Comment avons-nous pu oublier l’origine de ce mot ? Qu’a-t-il bien pu se passer pour que nous quittions le confort d’une société libre pensante pour fonder cette autocratie dans laquelle les écrans sont devenus nos guides de bonne conduite ? Pourquoi obéissons-nous aveuglément à ce Bureau ? Comment ce dernier a-t-il gagné sa légitimité ? Est-ce par la force ? La ruse ? Y aura-t-il un jour parmi nous quelqu’un d’assez brave pour contrecarrer ce système fallacieux ? Je suis convaincue que chaque Urbain de cette cité possède ses croyances personnelles, une logique qui lui est propre. Si seulement ces idées pouvaient remonter à la surface de toutes les consciences… Notre société redeviendrait une structure épanouie où chacun pourrait conquérir son avenir, devenir ce qu’il souhaite être, sans attendre les directives des Fileurs à la mode. Personne ne devrait être obligé de penser comme son voisin d’en face. Nous devrions tous être des individus à part entière et non ce Troupeau sans cervelle qui gobe chaque parole du Réseau comme s’il s’agissait du cinquième évangile.

Quand je referme le livre, je suis bouleversée. Seulement, il est déjà 17 h 54. Malgré le désordre de mes émotions et la colère qui déroute mes sens, je dois me hâter de retrouver la sortie.

Effectuant une chorégraphie parfaitement maîtrisée, je déroule mes mouvements à l’envers. Je me lèvre, actionne la lampe de poche, m’avance vers la porte sans oublier de reposer le livre sur l’étagère de l’entrée puis je me glisse dans le couloir de béton sur la pointe de mes baskets. Enfin, je laisse la lumière s’éteindre et pose la petite lampe à mes pieds, sur le sol. Le moment le plus critique de ma journée va se jouer maintenant.

Retenant ma respiration, je pousse l’interrupteur de la porte dérobée. Cette dernière pivote sur ses gonds pour me jeter d’un seul coup en pleine lumière. Si quelqu’un passe dans le couloir à cet instant précis, je suis fichue. Comment pourrais-je expliquer ma soudaine apparition dans cette pièce ? Pétrifiée par la peur, je reste une longue seconde sans bouger. Comme aucun bruit ne vient troubler le silence, je me décide à sortir de ma cachette et referme le battement secret prestement.

Appuyée dos au dragon, je prends quelques secondes pour recouvrer mes esprits. Mon front est à nouveau inondé de sueur. C’est ce qui arrive lorsque la peur me tiraille. Malheureusement, je ne peux pas regagner mon appartement dans cet état. Mes parents se poseraient des questions. Mêmes abrutis par le Fil, les inquiétudes restent tenaces. Alors, malgré l’urgence de la situation, je prends la peine de calmer mes angoisses en essayant de me persuader mentalement que tout va pour le mieux.

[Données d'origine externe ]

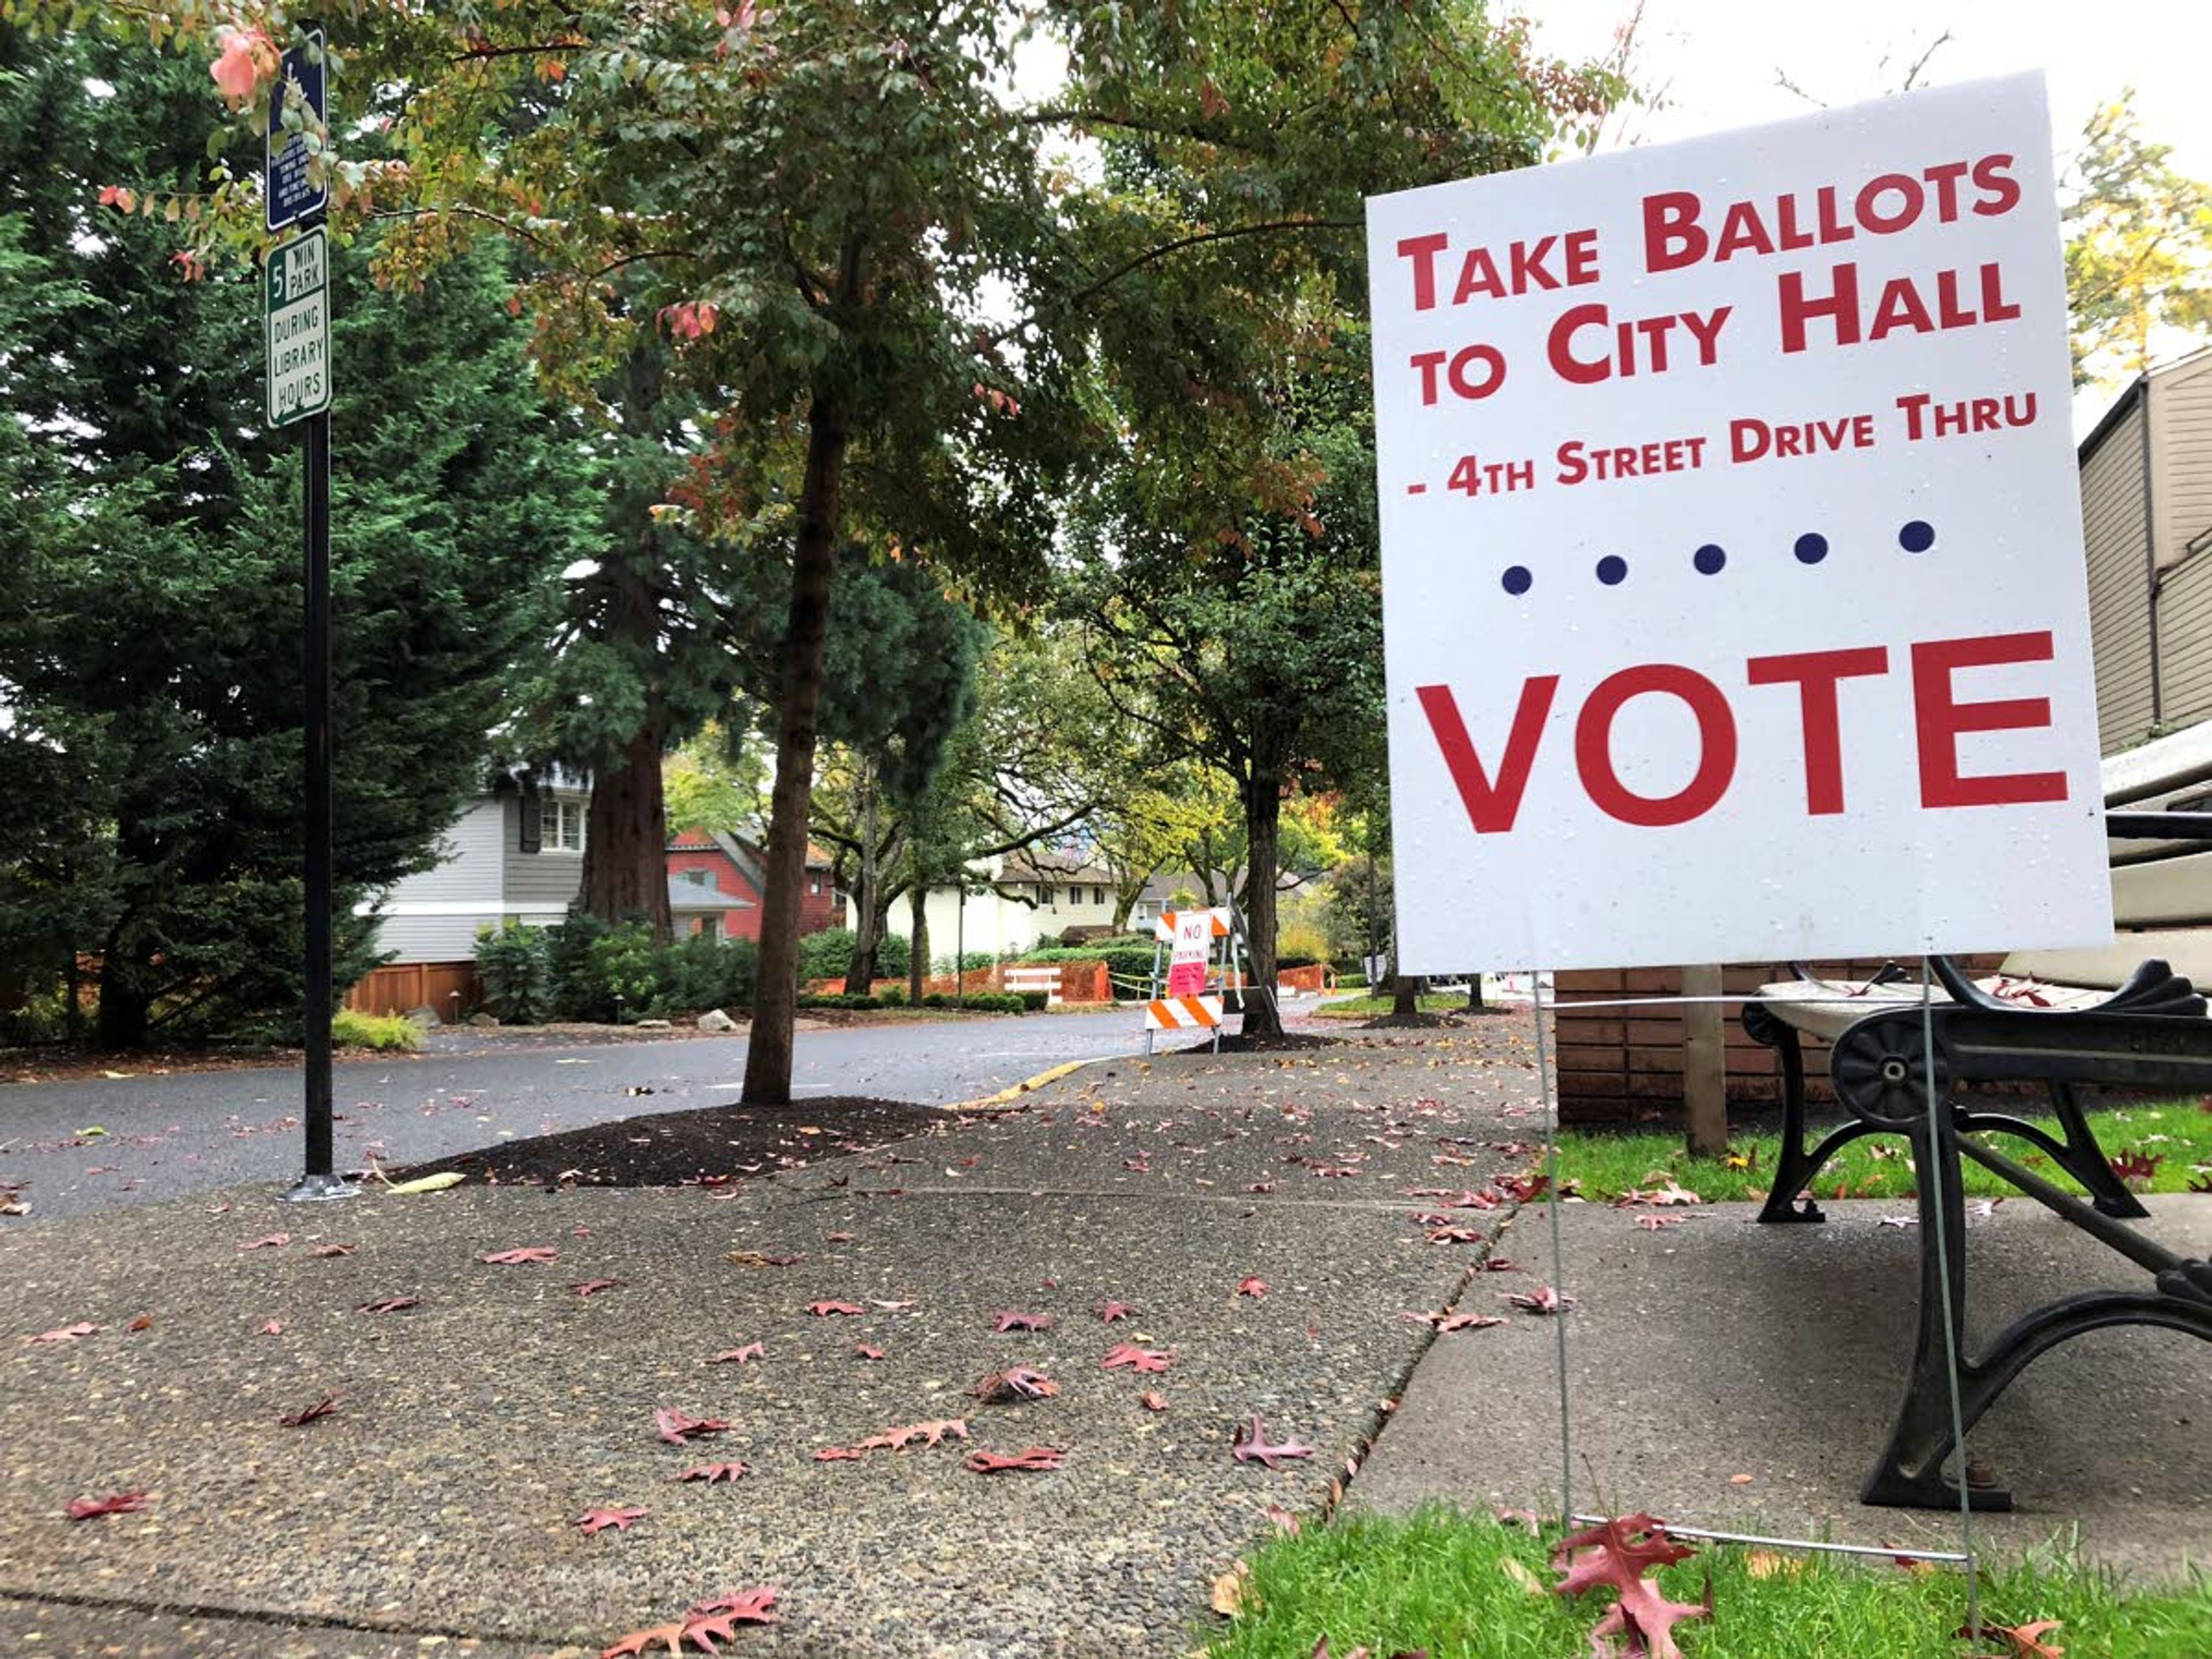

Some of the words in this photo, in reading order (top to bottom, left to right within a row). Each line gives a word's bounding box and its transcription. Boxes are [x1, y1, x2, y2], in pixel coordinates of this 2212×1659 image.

[1397, 230, 1599, 310] TAKE
[1643, 154, 2020, 274] BALLOTS
[293, 240, 314, 270] MIN
[274, 265, 283, 298] 5
[289, 264, 320, 297] PARK
[275, 306, 318, 343] DURING
[1410, 344, 1506, 406] TO
[1547, 304, 1730, 384] CITY
[1779, 263, 2021, 354] HALL
[275, 338, 323, 377] LIBRARY
[279, 372, 319, 408] HOURS
[1448, 456, 1535, 497] 4TH
[1556, 438, 1705, 485] STREET
[1730, 416, 1873, 463] DRIVE
[1897, 394, 2036, 440] THRU
[1416, 631, 2069, 834] VOTE
[1184, 924, 1201, 940] NO

Puis, je me remets debout.

Seule au milieu du local, j’expire tout doucement. Cinq minutes me séparent de la grande messe du Bureau. Je dois me dépêcher ! D’un mouvement de la tête, je me rebranche au Fil.

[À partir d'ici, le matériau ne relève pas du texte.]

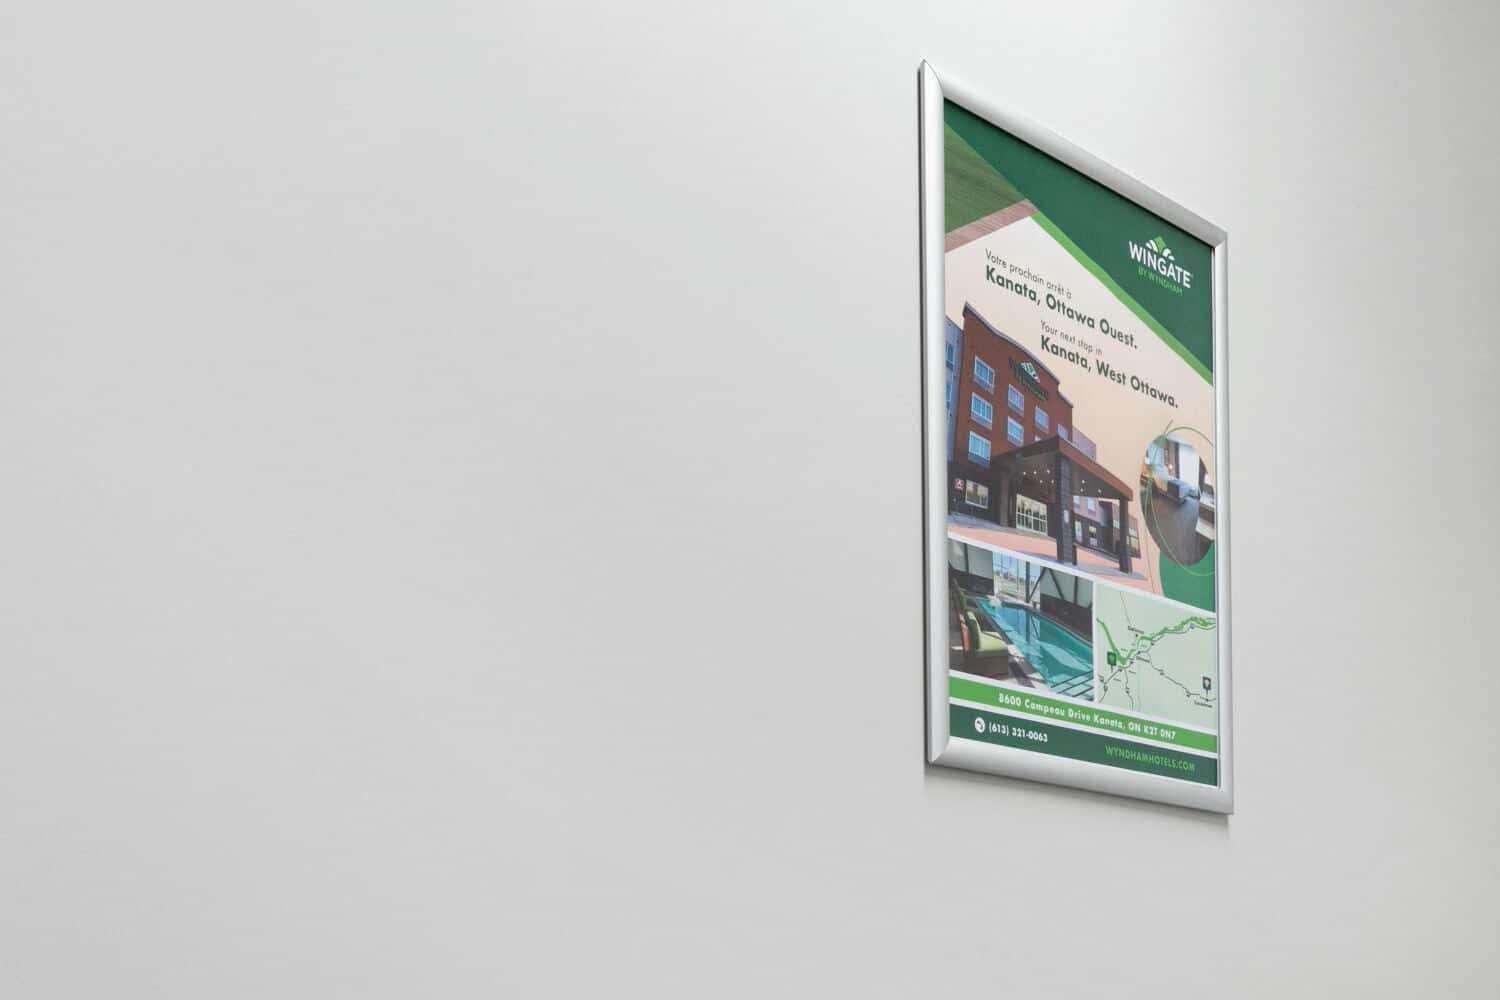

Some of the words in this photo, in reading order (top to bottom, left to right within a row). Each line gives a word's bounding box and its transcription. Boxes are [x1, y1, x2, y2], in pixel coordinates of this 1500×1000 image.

[985, 248, 1007, 268] Votre
[1010, 264, 1044, 285] prochain
[1128, 239, 1191, 289] WINGATE
[986, 265, 1040, 305] Kanata,
[1046, 294, 1095, 329] Ottawa
[1100, 319, 1138, 349] Ouest.
[1040, 320, 1058, 336] Your
[1060, 331, 1076, 345] next
[1077, 339, 1093, 353] stop
[1040, 335, 1092, 372] Kanata,
[1096, 359, 1127, 385] West
[1131, 375, 1179, 408] Ottawa.
[988, 721, 1010, 737] (613)
[1012, 727, 1048, 743] 321-0063
[1024, 699, 1065, 716] Campeau
[1068, 707, 1091, 722] Drive
[1094, 713, 1126, 730] Kanata,
[1128, 721, 1142, 733] ON
[1104, 744, 1196, 771] WYNDHAMHOTELS.COM

Mon départ de la pièce s’effectue dans un brouillard épais. Pareille à une automate préprogrammée, je retourne à la rengaine de ma vie. Les cercles d’élévation qui me propulsent au cinquième étage sont déserts. Tout comme l’intérieur de mon appartement.

Aujourd’hui est identique à hier. Et demain sera pareil à celui-ci. Je me répète à chaque pas que je fais un pas.

Les habitudes, la monotonie sont les seuls jalons rassurants de mon quotidien tourmenté.